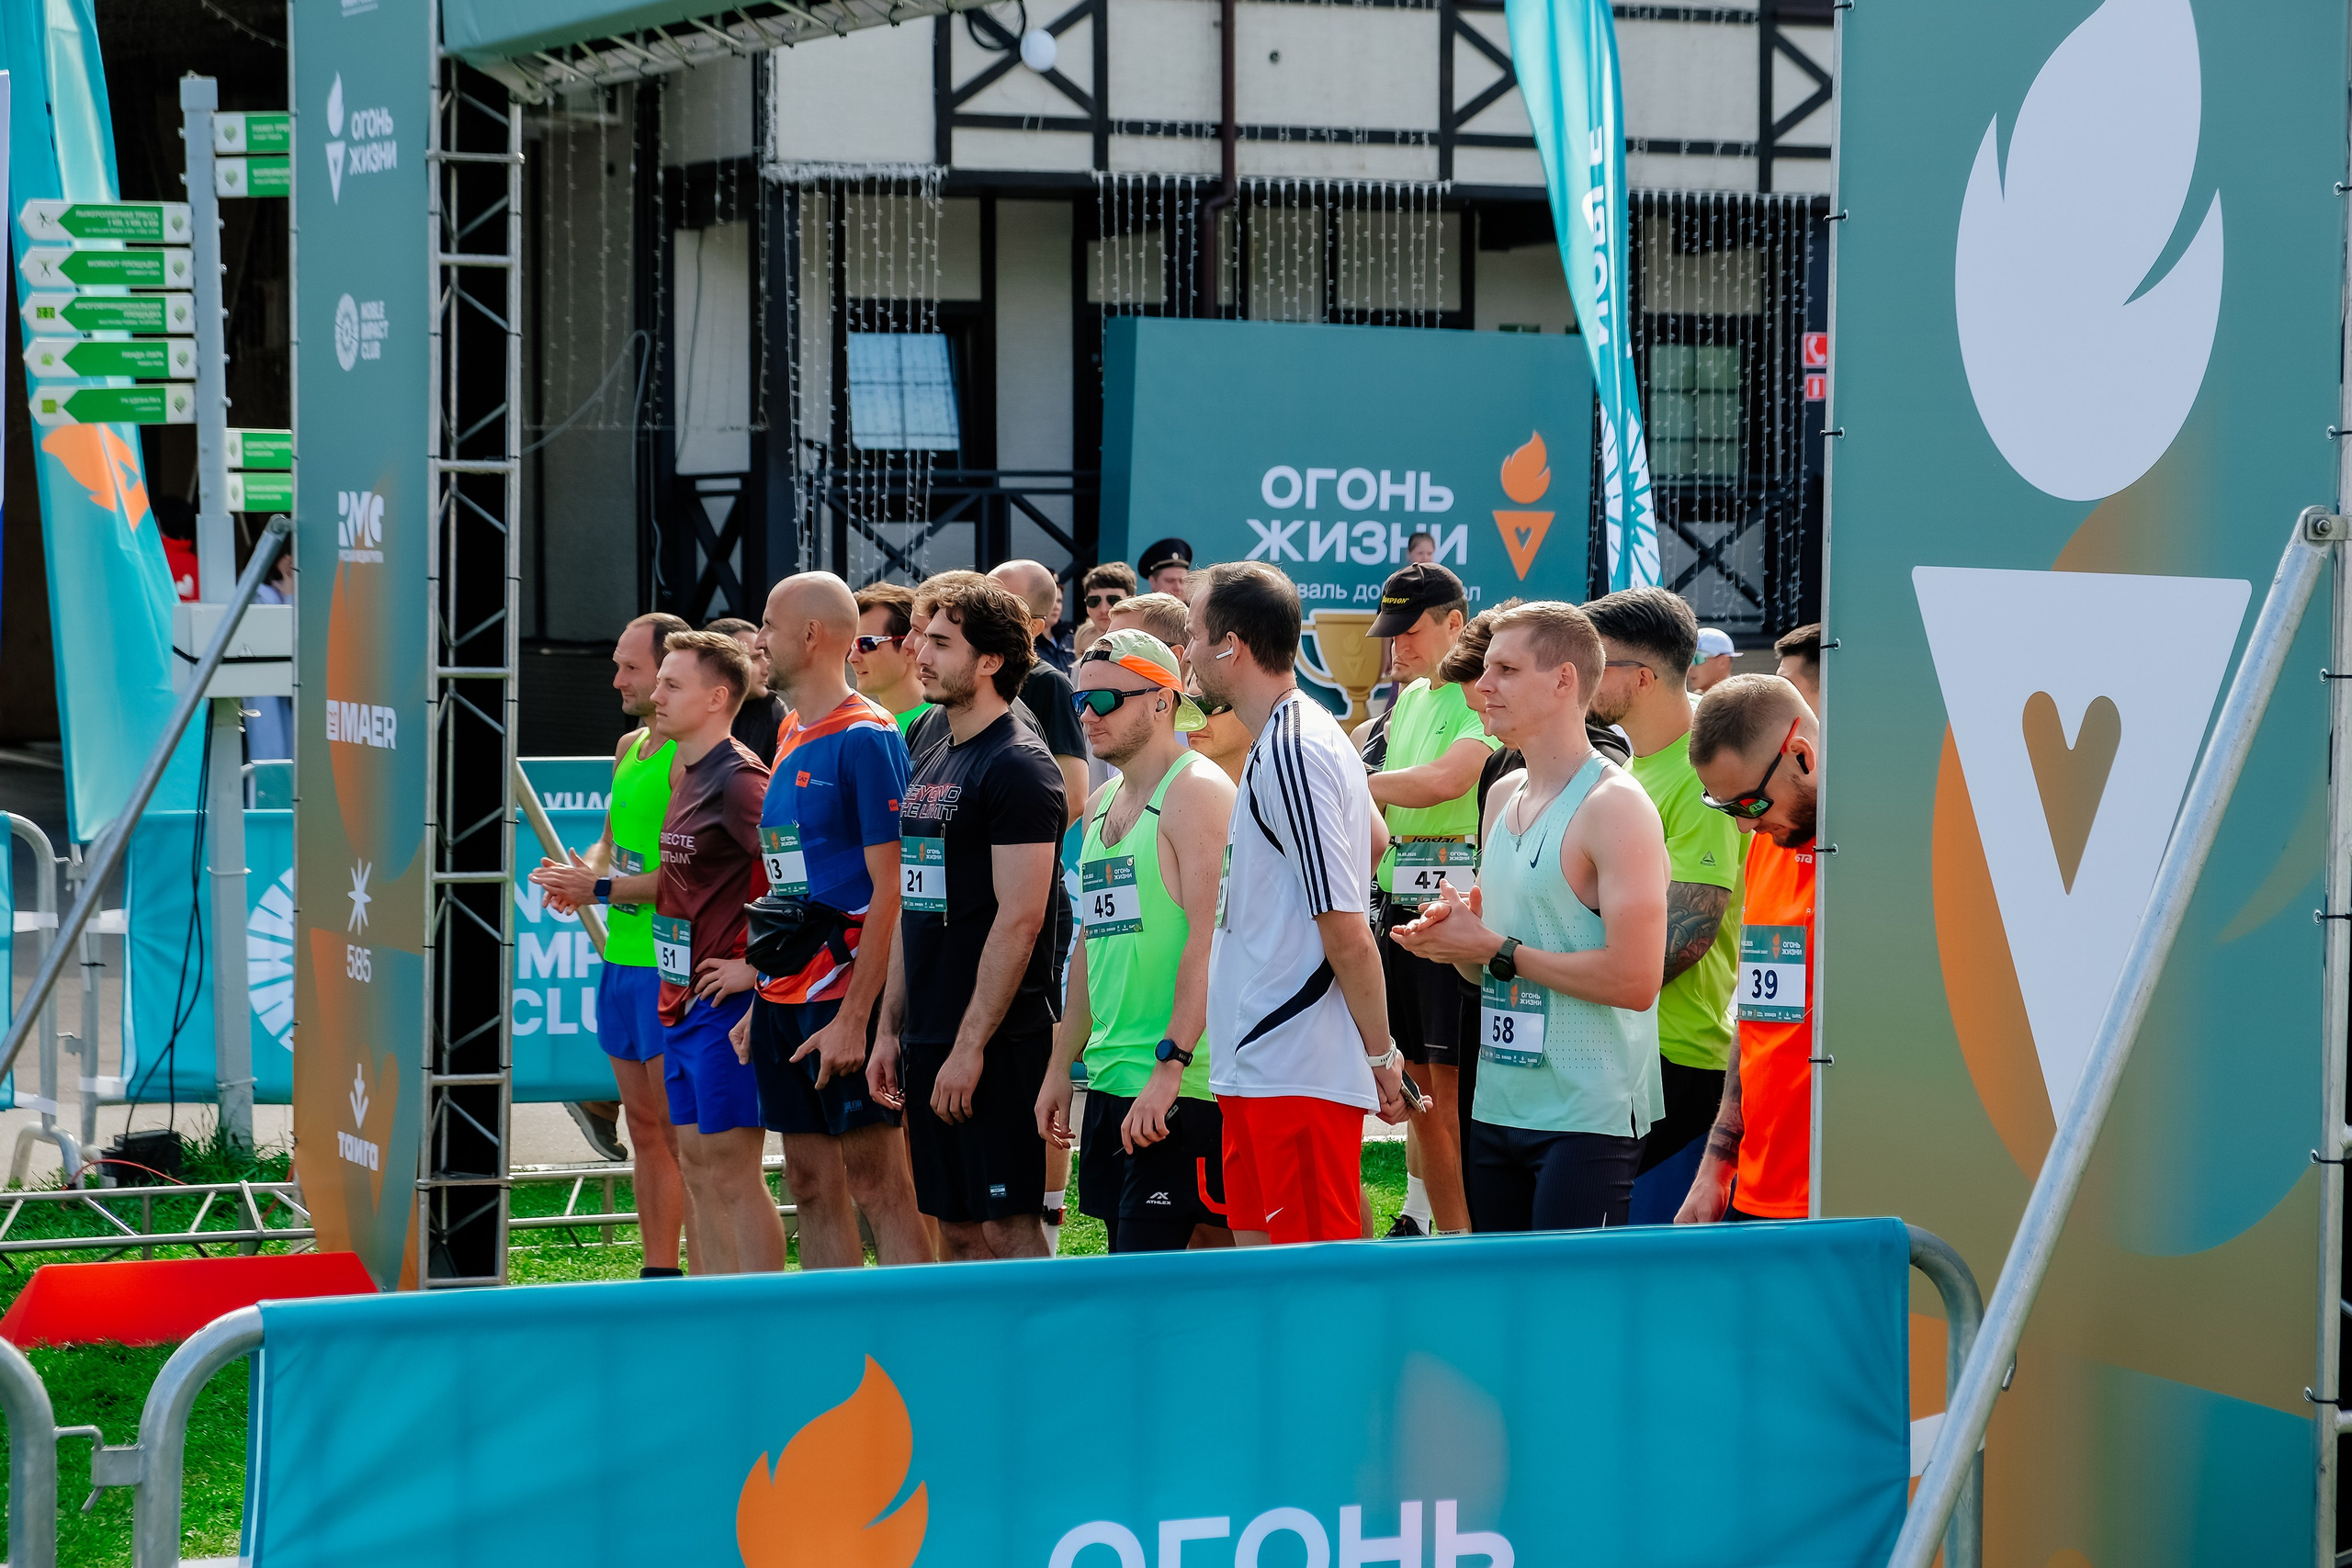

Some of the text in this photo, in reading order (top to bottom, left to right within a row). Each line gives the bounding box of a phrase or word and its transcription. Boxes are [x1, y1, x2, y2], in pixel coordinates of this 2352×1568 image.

[351, 107, 393, 141] ОГОНЬ
[349, 141, 397, 175] ЖИЗНИ
[1261, 465, 1455, 513] ОГОНЬ
[1245, 519, 1468, 565] ЖИЗНИ
[1352, 583, 1385, 603] до
[341, 701, 397, 750] MAER
[767, 859, 782, 879] 13
[907, 870, 922, 892] 21
[1415, 871, 1446, 889] 47
[1094, 894, 1114, 918] 45
[346, 944, 372, 983] 585
[663, 947, 675, 968] 51
[1752, 969, 1778, 999] 39
[1492, 1015, 1514, 1043] 58
[1048, 1500, 1515, 1568] ОГОНЬ
══════════
Every line of the listing above is to be repeated exactly, with its pictures left out.

Some of the text in this photo, in reading order (top to bottom, left to right within a row). Each line gives the bounding box of a phrase or word and its transcription. Boxes are [x1, y1, x2, y2], in pixel coordinates of this 2352×1568 image.

[351, 107, 393, 141] ОГОНЬ
[349, 141, 397, 175] ЖИЗНИ
[1261, 465, 1455, 513] ОГОНЬ
[1245, 519, 1468, 565] ЖИЗНИ
[1352, 583, 1385, 603] до
[341, 701, 397, 750] MAER
[767, 859, 782, 879] 13
[907, 870, 922, 892] 21
[1415, 871, 1446, 889] 47
[1094, 894, 1114, 918] 45
[346, 944, 372, 983] 585
[663, 947, 675, 968] 51
[1752, 969, 1778, 999] 39
[1492, 1015, 1514, 1043] 58
[1048, 1500, 1515, 1568] ОГОНЬ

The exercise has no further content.